Nutaaq Pipeline has filed a revised tariff rate with the Regulatory Commission of Alaska for the Badami Oil Pipeline, which carries crude oil from Badami to a connection at Endicott. Oil then goes on to the trans-Alaska pipeline and south to market.
Nutaaq, owned by Glacier Oil and Gas, has a tariff rate of $2.71 per barrel; it is requesting an increase to $20.60 per barrel for November and December.
The pipeline told RCA that the increase “will not prejudice or harm Nutaaq’s customers, who are aware of the circumstances necessitating this filing, or the public interest” and said it anticipates that the rate revision is only for November and December.
The blended rate for 2016, including the increase, would be $5.61 per barrel, lower than the blended rates for 2015 and 2014 by 19 percent and 39 percent respectively, Nutaaq said.
The pipeline said it anticipated filing a revised rate for 2017 soon and said that rate is expected to be about $3 per barrel or some 30 percent lower than the blended 2016 rate.
Reason for increase
Nutaaq said the tariff increase is mainly due to an approximately 63 percent decrease in expected volumes from PTE Pipeline, which could not be offset by a reduction in operating costs of some 23 percent.
“Volumes from PTE Pipeline LLC have not been near the 5,000 barrels per day previously estimated, and upon which prior rates in 2016 were based. PTE oil shipments have approached zero as their facility has experienced material start-up issues,” Nutaaq told RCA.
The pipeline said its existing rate was based on the addition of throughput from PTE Pipeline beginning June 1.
The filing is a mid-year correction, Nutaaq said, and is based on dividing the original cost of service, net of throughput revenues through the end of October, by the revised throughput estimated for November and December.

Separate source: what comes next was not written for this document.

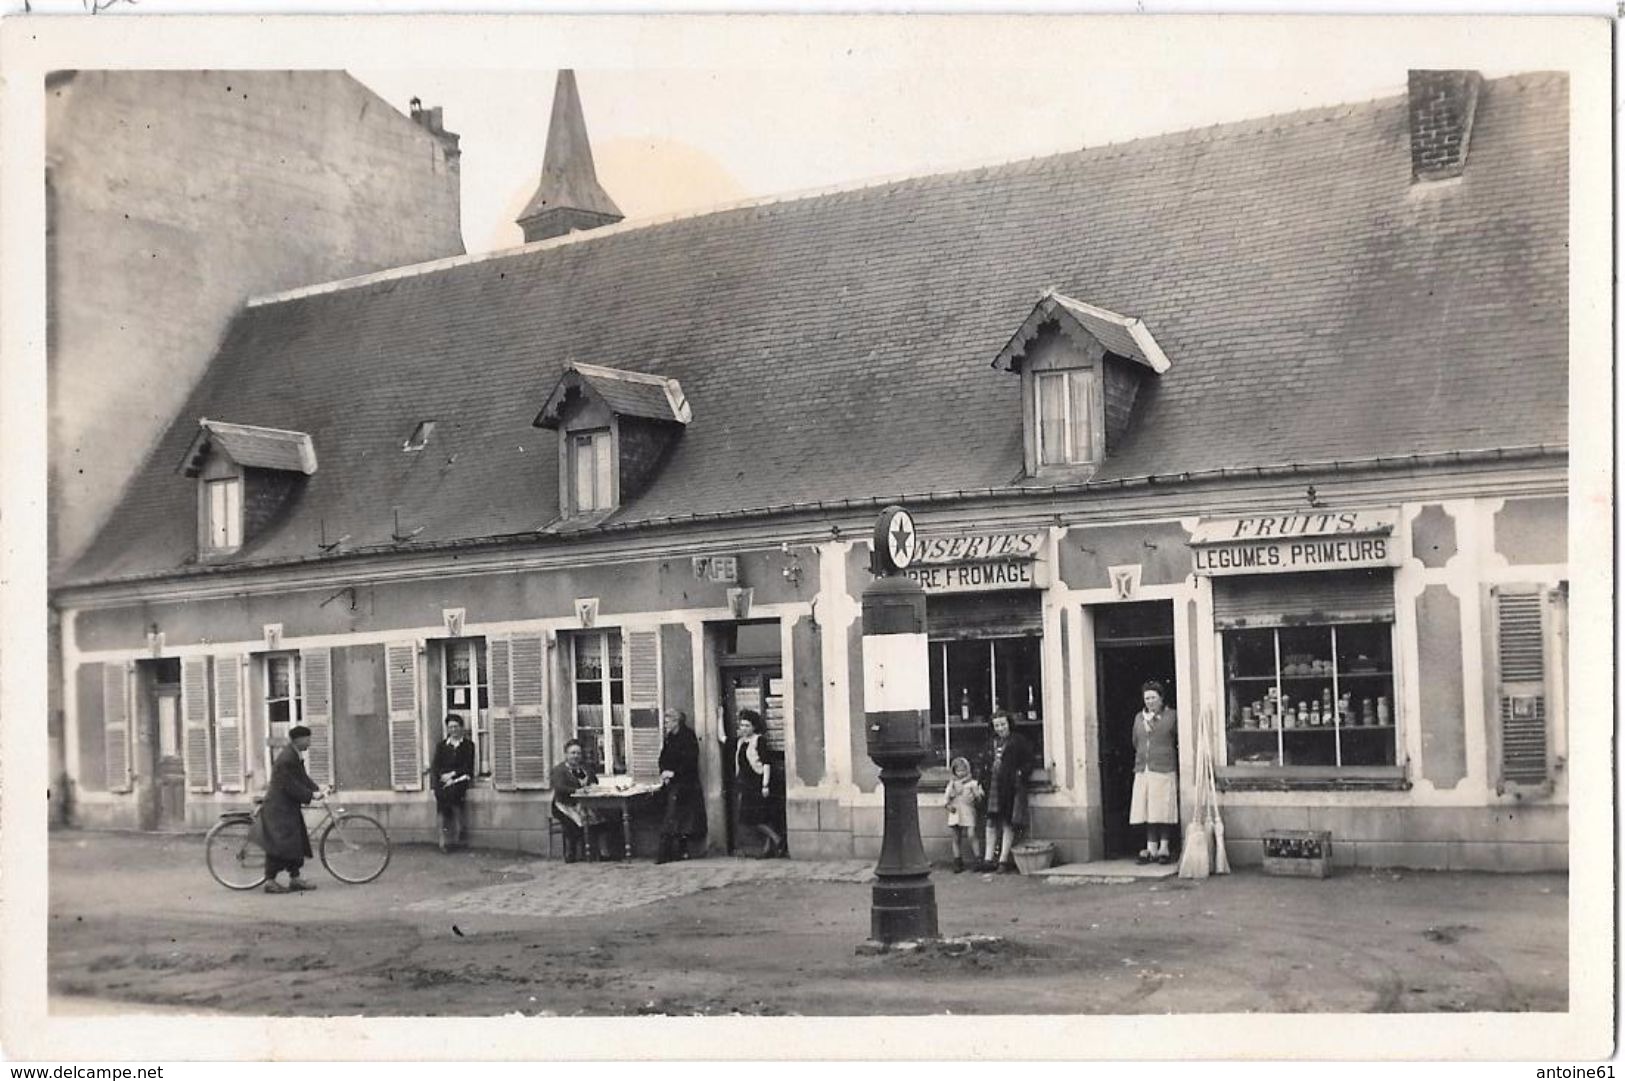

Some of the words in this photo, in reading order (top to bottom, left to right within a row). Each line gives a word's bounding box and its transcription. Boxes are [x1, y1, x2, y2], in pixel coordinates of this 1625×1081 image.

[914, 534, 1037, 559] NSERVES
[1291, 540, 1387, 564] PRIMEURS
[947, 565, 1030, 586] FROMAGE

“The mid-year correction methodology will allow Nutaaq to achieve its 2016 cost of service based upon the revised throughput production,” it told RCA.
Production volumes
Point Thomson production, based on data available from the Alaska Oil and Gas Conservation Commission beginning with field startup in April, totals some 148,000 barrels, with monthly totals ranging from almost 48,000 barrels in April to some 7,900 barrels in May, then rising to more than 21,000 barrels in June, almost 33,000 barrels in July and more than 38,000 barrels in August.
AOGCC data, available on a month-delay basis, and currently available through August, breaks production down by field and pool.
Based on that data, Point Thomson has averaged fewer than 1,000 barrels per day since startup, with a high of almost 1,600 bpd in April and a low of 255 bpd in May, and the bpd volumes gradually rising to 1,230 bpd in August.
Production began at Point Thomson April 2 and ExxonMobil told Petroleum News in an Oct. 27 email that the facility was designed to produce up to 10,000 bpd of natural gas condensate and inject up to 200 million cubic feet of recycled gas for future recovery.
The facility started up with an initial production rate of some 5,000 bpd of condensate and 100 million standard cubic feet per day of recycled gas, the company said.
“Since Point Thomson’s startup in April 2016, we continue to finalize dynamic commissioning of the gas injection compressor system. During this time, daily production will fluctuate. We will safely ramp up production once these activities are complete,” ExxonMobil said.